AIM OF THE TASK: Repeat, exactly as written, the line containing "this 1600×1068 image." and each line after it through the end of the data.

*** INFORMATION GIVEN ***

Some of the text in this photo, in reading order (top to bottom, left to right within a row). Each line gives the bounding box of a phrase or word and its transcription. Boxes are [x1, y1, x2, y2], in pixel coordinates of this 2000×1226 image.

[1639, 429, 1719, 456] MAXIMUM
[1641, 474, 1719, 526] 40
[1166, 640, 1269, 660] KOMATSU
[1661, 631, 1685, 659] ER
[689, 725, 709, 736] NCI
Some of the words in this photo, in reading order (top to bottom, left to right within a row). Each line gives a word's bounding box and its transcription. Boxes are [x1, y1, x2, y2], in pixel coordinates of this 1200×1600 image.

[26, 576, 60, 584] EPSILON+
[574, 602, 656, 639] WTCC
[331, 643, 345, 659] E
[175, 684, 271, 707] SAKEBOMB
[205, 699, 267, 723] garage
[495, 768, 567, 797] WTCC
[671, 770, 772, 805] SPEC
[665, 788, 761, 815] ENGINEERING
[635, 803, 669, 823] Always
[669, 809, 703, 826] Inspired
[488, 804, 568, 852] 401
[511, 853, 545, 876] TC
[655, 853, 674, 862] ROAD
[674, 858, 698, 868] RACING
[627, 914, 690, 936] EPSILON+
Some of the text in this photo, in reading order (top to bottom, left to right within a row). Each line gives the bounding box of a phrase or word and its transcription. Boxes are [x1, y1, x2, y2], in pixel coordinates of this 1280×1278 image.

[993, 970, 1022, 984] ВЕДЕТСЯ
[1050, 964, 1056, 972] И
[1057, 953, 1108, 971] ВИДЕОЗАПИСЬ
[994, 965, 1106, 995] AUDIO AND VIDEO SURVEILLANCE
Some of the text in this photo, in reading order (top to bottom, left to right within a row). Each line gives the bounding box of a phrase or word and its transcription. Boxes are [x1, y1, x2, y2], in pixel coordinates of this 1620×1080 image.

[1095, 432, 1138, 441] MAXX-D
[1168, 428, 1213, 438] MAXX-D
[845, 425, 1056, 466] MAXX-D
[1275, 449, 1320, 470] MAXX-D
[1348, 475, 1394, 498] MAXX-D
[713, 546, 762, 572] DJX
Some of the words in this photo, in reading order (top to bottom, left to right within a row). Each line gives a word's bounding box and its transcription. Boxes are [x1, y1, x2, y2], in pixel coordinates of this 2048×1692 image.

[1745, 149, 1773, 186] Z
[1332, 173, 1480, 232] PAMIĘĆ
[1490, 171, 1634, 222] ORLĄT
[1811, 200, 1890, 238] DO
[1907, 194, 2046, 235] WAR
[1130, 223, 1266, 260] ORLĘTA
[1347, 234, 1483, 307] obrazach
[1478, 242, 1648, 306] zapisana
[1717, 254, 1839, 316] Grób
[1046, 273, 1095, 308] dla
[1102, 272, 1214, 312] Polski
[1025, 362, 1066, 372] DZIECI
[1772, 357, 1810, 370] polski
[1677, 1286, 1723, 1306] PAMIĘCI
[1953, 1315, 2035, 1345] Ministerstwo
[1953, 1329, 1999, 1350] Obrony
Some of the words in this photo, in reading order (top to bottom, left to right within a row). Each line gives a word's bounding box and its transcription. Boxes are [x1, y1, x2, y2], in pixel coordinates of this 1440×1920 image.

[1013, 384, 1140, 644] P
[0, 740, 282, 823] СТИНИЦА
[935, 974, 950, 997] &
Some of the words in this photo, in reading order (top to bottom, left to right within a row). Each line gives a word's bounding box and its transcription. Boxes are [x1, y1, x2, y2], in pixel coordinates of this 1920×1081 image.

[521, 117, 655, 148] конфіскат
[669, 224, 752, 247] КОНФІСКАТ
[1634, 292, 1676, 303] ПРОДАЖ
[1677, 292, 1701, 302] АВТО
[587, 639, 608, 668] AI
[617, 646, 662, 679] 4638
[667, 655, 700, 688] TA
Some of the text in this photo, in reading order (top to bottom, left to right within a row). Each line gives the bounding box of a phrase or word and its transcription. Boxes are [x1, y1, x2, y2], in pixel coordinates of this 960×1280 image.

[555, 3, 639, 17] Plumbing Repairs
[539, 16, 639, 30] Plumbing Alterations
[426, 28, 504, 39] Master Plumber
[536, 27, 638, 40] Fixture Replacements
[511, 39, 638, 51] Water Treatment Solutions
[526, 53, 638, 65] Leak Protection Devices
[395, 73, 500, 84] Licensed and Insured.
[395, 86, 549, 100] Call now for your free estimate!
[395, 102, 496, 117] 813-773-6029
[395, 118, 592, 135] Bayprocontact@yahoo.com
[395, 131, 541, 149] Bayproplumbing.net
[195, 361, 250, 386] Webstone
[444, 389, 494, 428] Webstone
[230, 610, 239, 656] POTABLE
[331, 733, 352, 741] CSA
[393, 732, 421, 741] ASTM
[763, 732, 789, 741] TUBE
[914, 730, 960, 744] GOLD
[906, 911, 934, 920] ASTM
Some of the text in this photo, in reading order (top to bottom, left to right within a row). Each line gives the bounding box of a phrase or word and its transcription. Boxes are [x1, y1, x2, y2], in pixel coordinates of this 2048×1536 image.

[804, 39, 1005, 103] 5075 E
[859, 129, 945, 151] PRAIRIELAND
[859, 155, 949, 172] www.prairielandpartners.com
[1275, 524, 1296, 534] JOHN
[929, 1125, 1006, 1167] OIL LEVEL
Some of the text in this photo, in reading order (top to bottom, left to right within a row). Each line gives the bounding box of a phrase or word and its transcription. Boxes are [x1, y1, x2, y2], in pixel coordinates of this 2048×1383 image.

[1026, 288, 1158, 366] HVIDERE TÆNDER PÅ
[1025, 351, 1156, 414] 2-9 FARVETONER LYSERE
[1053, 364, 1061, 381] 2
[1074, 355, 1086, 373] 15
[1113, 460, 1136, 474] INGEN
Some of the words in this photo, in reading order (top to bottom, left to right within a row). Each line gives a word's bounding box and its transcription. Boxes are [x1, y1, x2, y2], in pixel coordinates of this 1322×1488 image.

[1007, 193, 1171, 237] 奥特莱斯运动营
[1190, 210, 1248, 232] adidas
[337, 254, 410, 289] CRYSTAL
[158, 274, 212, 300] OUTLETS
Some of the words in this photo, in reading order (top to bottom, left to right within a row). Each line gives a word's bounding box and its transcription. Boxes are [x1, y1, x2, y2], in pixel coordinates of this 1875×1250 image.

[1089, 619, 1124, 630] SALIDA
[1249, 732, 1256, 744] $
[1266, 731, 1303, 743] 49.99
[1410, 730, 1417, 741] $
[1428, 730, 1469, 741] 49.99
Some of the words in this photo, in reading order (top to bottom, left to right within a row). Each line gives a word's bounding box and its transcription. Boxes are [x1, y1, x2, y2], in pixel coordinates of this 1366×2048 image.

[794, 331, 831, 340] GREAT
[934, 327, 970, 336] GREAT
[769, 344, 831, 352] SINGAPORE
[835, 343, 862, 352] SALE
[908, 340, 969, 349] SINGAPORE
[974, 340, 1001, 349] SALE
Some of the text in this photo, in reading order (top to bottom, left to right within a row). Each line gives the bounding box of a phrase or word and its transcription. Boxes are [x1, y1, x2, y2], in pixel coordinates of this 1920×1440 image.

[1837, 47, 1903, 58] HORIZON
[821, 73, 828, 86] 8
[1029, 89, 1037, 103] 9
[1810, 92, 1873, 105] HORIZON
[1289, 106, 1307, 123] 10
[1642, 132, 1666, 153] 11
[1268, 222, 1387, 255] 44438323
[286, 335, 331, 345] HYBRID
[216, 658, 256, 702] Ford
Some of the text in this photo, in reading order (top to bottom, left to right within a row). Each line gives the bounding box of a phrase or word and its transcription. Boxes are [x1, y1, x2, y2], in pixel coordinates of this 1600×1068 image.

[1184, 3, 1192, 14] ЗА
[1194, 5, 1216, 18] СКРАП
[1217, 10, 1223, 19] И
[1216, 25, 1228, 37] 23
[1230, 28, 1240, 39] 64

***

RESULT BELOW:
Some of the text in this photo, in reading order (top to bottom, left to right within a row). Each line gives the bounding box of a phrase or word and its transcription. Boxes are [x1, y1, x2, y2], in pixel coordinates of this 1600×1068 image.

[1184, 3, 1192, 14] ЗА
[1194, 5, 1216, 18] СКРАП
[1217, 10, 1223, 19] И
[1216, 25, 1228, 37] 23
[1230, 28, 1240, 39] 64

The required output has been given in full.